**WHAT NEEDS TO BE DONE**: Print every line below exactly as written, but leave the pictures behind.

+--

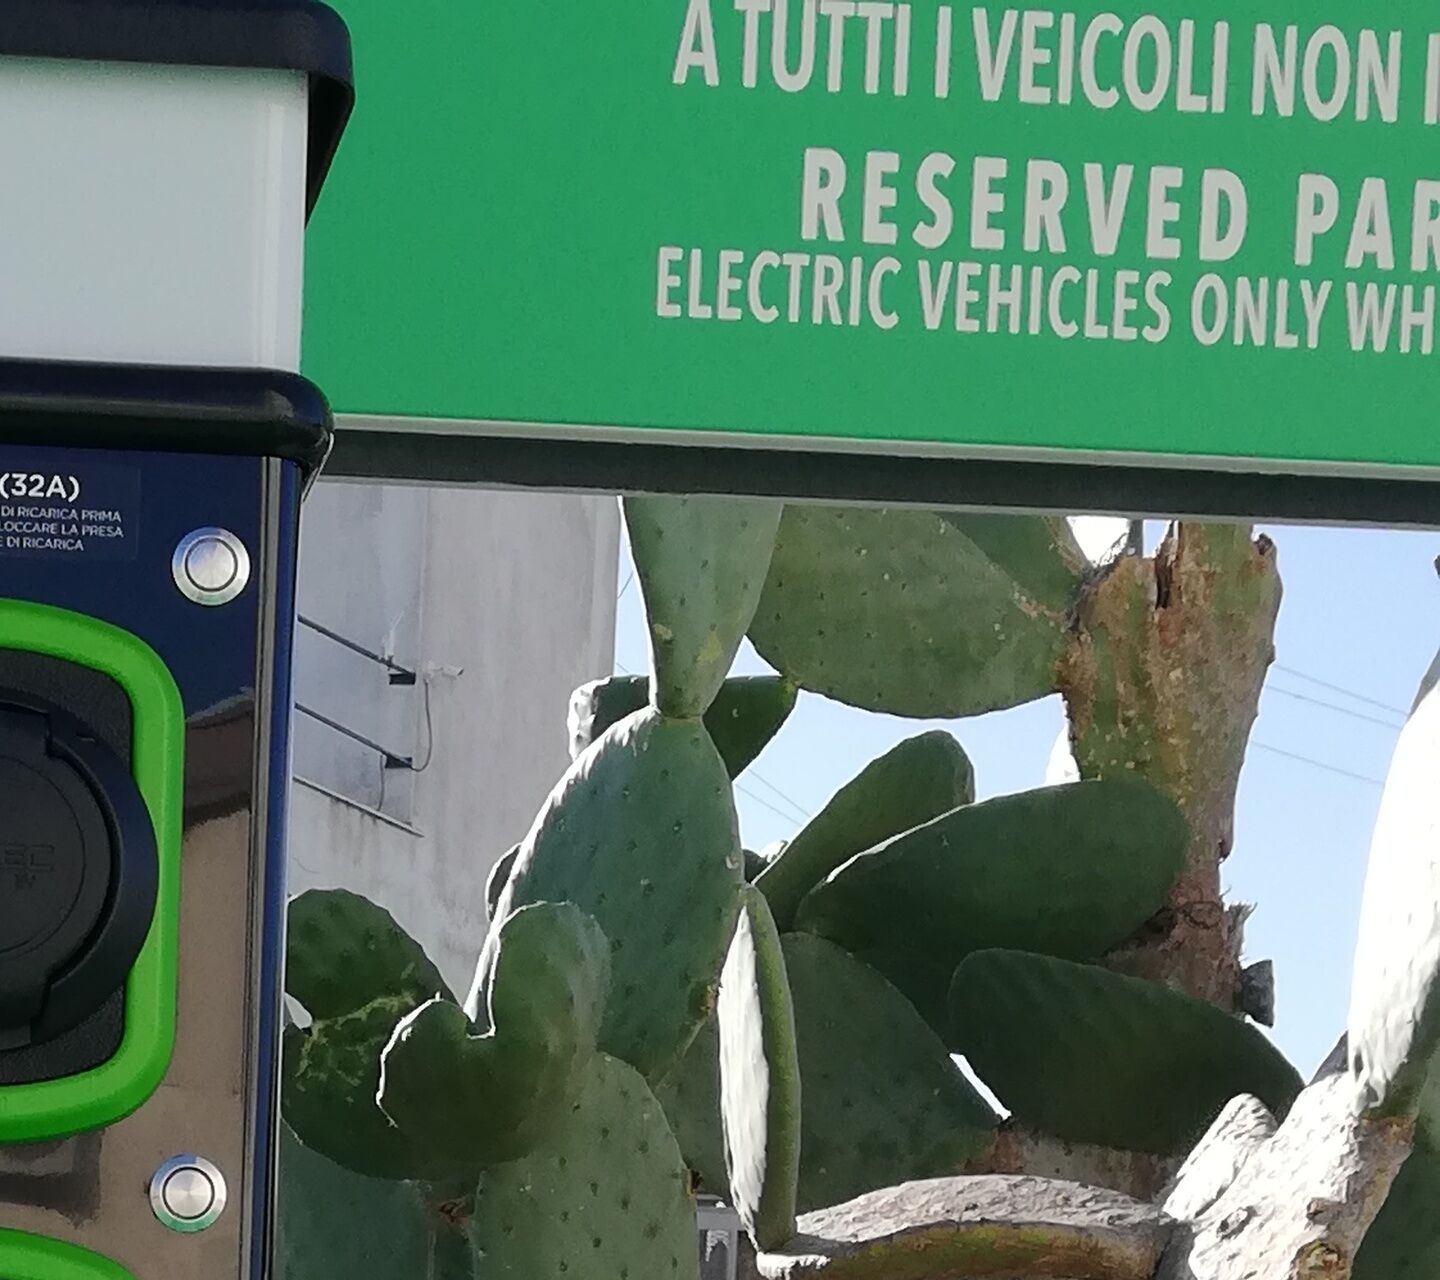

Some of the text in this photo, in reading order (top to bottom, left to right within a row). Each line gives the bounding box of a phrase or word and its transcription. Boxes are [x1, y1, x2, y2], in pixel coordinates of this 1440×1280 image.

[672, 0, 720, 87] A
[734, 0, 912, 97] TUTTI
[934, 5, 952, 98] I
[972, 7, 1229, 113] VEICOLI
[1251, 23, 1402, 123] NON
[799, 147, 1440, 272] RESERVED PAR
[656, 246, 1437, 355] ELECTRIC VEHICLES ONLY WH
[1, 505, 15, 517] DI
[17, 506, 79, 521] RICARICA
[81, 509, 122, 523] PRIMA
[6, 536, 20, 548] DI
[22, 536, 85, 551] RICARICA
[61, 523, 79, 535] LA
[81, 524, 124, 538] PRESA

+--

**TASK SOLUTION**:
Some of the text in this photo, in reading order (top to bottom, left to right within a row). Each line gives the bounding box of a phrase or word and its transcription. Boxes are [x1, y1, x2, y2], in pixel coordinates of this 1440×1280 image.

[672, 0, 720, 87] A
[734, 0, 912, 97] TUTTI
[934, 5, 952, 98] I
[972, 7, 1229, 113] VEICOLI
[1251, 23, 1402, 123] NON
[799, 147, 1440, 272] RESERVED PAR
[656, 246, 1437, 355] ELECTRIC VEHICLES ONLY WH
[1, 505, 15, 517] DI
[17, 506, 79, 521] RICARICA
[81, 509, 122, 523] PRIMA
[6, 536, 20, 548] DI
[22, 536, 85, 551] RICARICA
[61, 523, 79, 535] LA
[81, 524, 124, 538] PRESA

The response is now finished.